Récemment, l’usage des associations variétales de blé a fortement progressé en France, passant d’environ 20 000 hectares à plus de 550 000 hectares, de 2000 à 2020, représentant alors environ 11 % de la proportion de la surface totale emblavée en blé tendre, l’équivalent d’une variété très populaire. En 2021, les associations variétales de blé correspondent en superficie à la troisième variété la plus cultivée en France, avec une disparité dans la répartition régionale (de 6 à 32 % des surfaces régionales) ; c’est dans le Centre et l’Ouest que cette pratique est la plus répandue Les associations variétales (telle l’association CertimixBio de Semences de France, composée de trois variétés innovantes) ont aussi intégré l’agriculture biologique. […]

Comment sélectionner les variétés à associer ?

Comme on ne peut déterminer a priori quelle sera la meilleure variété dans le contexte climatique et épidémiologique de l’année, l’association de variétés ayant des qualités et faiblesses différentes permet une compensation.

Le niveau de la résistance collective (créée par une association variétale) dépend principalement de la proportion de plantes sensibles et résistantes : un quart à un tiers de plantes sensibles sont efficacement protégées par des plantes résistantes.

Les associations de trois à cinq variétés sont plus efficaces que les associations binaires pour freiner les épidémies et stabiliser le rendement, mais ce n’est pas tant le nombre de variétés que leur niveau de résistance qui importe.
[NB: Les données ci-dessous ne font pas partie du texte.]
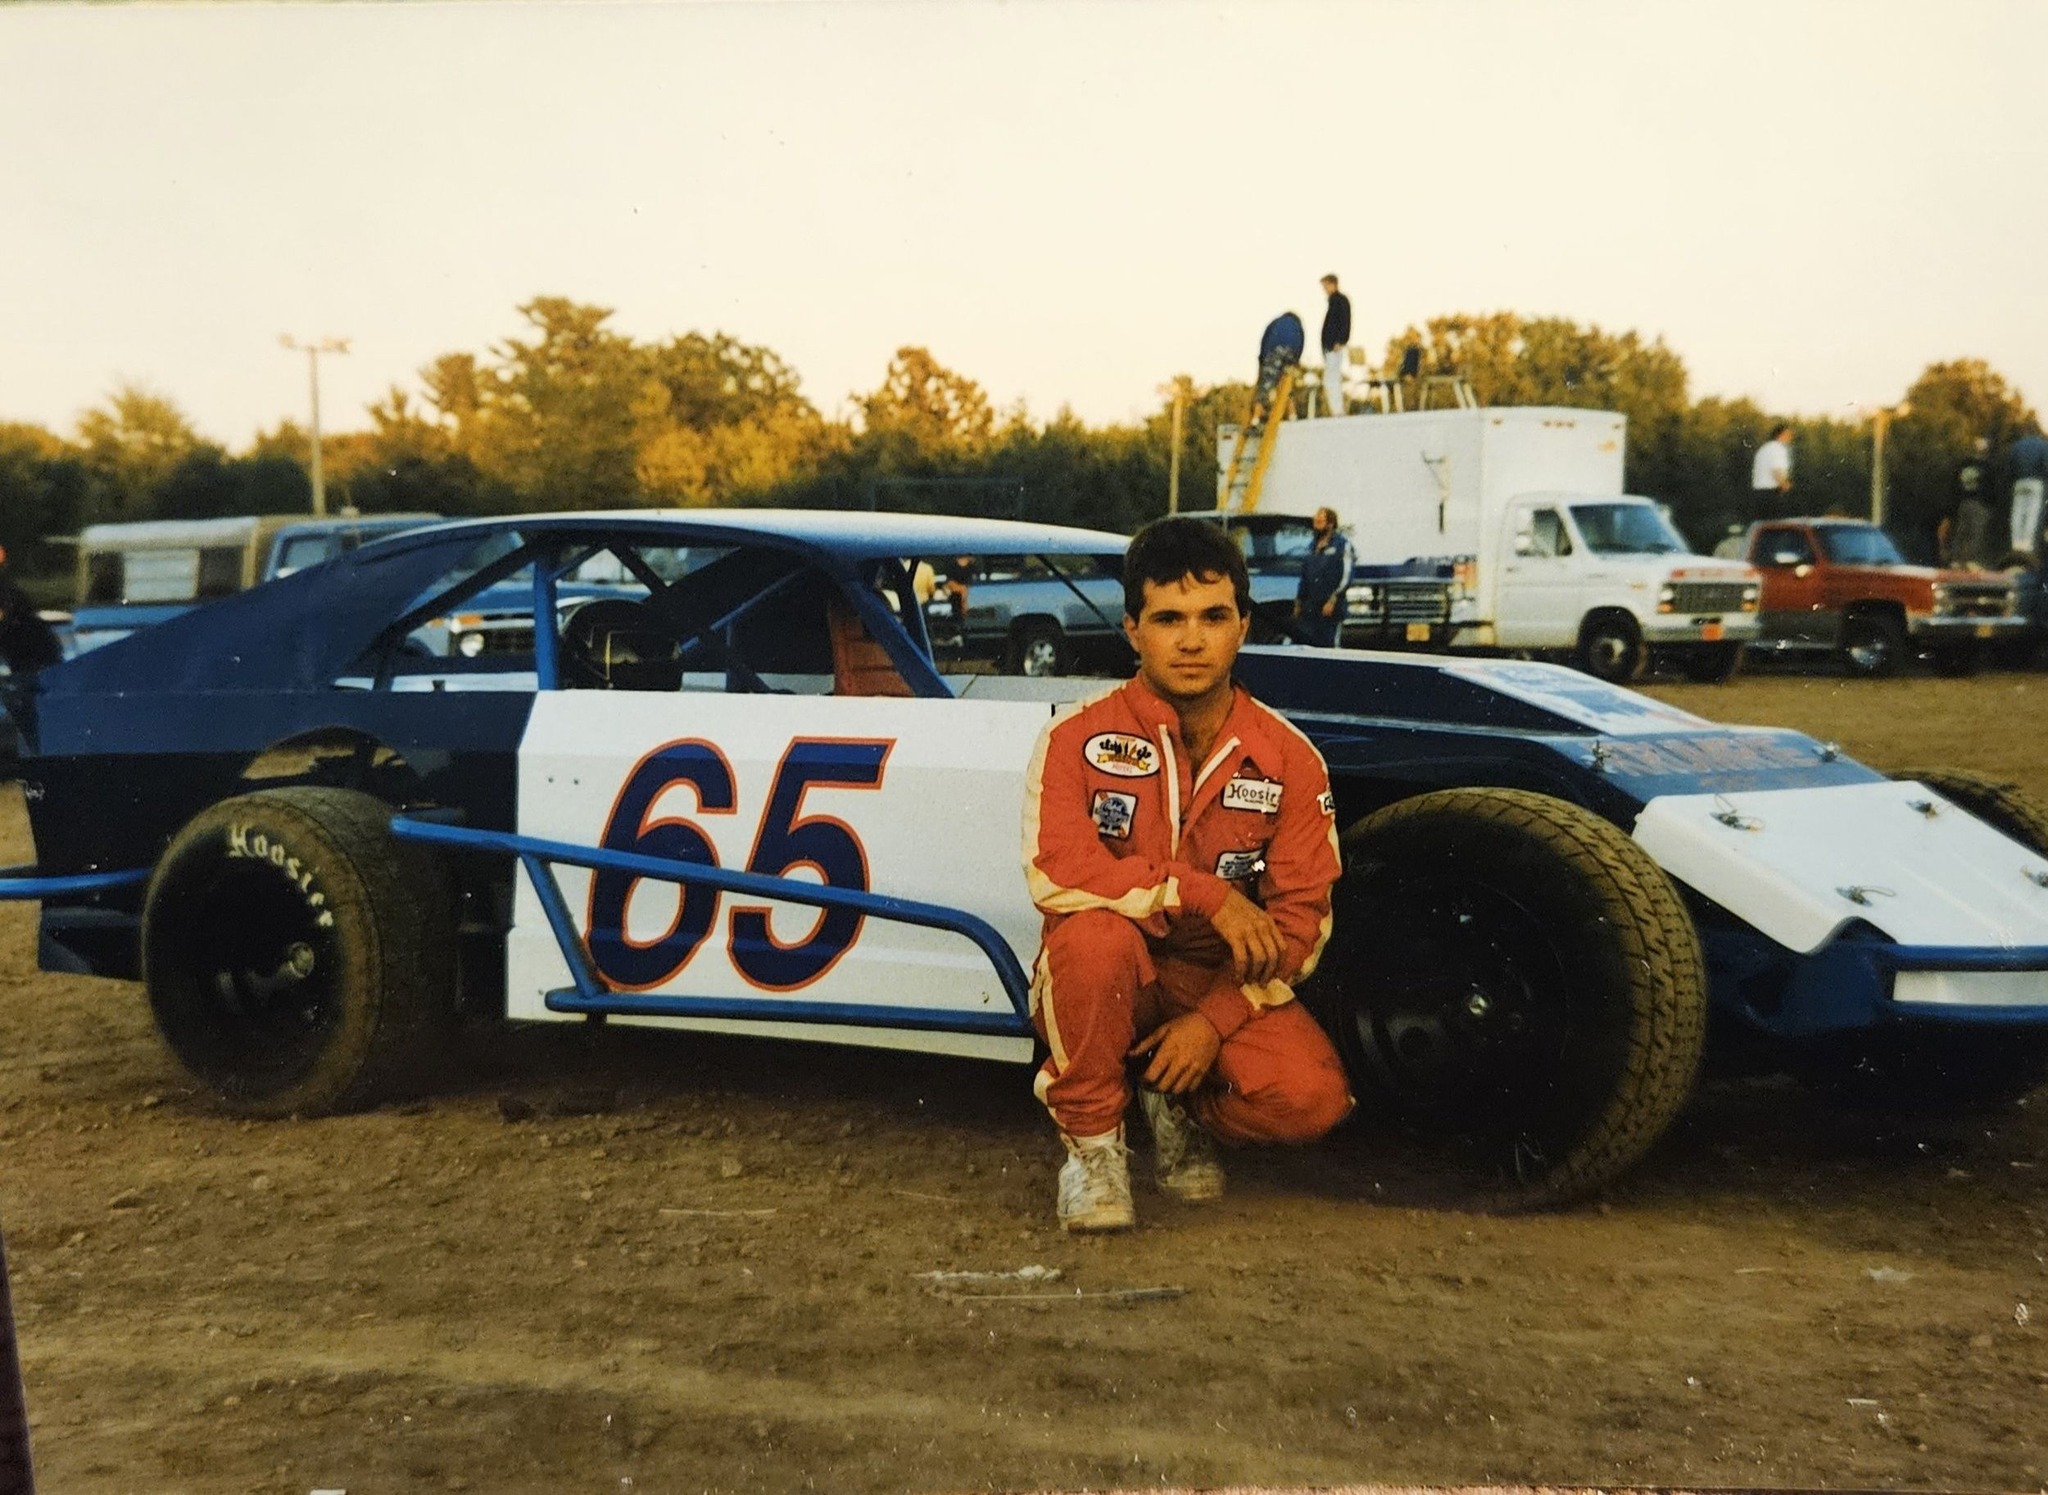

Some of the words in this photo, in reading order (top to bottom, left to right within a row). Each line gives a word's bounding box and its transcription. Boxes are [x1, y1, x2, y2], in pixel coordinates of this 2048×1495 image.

[1226, 783, 1278, 804] Hoosie
[228, 821, 334, 927] Hoosier
[584, 736, 897, 993] 65
La proportion de variétés résistantes est d’une manière générale un critère robuste de conception des associations variétales. […]

Les associations variétales peuvent donc constituer un élément d’itinéraires techniques des cultures de céréales, résilients avec d’autres comme la rotation, la réduction de densité de semis, la tardivité du semis et la réduction des niveaux de fertilisation azotée. Cette pratique est élargie à d’autres cultures, comme le colza, pour lutter contre un insecte ravageur, le méligèthe : en associant une faible proportion de variété ayant une floraison très précoce qui attire et détourne l’insecte, la variété d’intérêt productive sera protégée, du moins partiellement. Les associations variétales concernent également des cultures pérennes, telles que le caféier, le saule ou le pommier à cidre.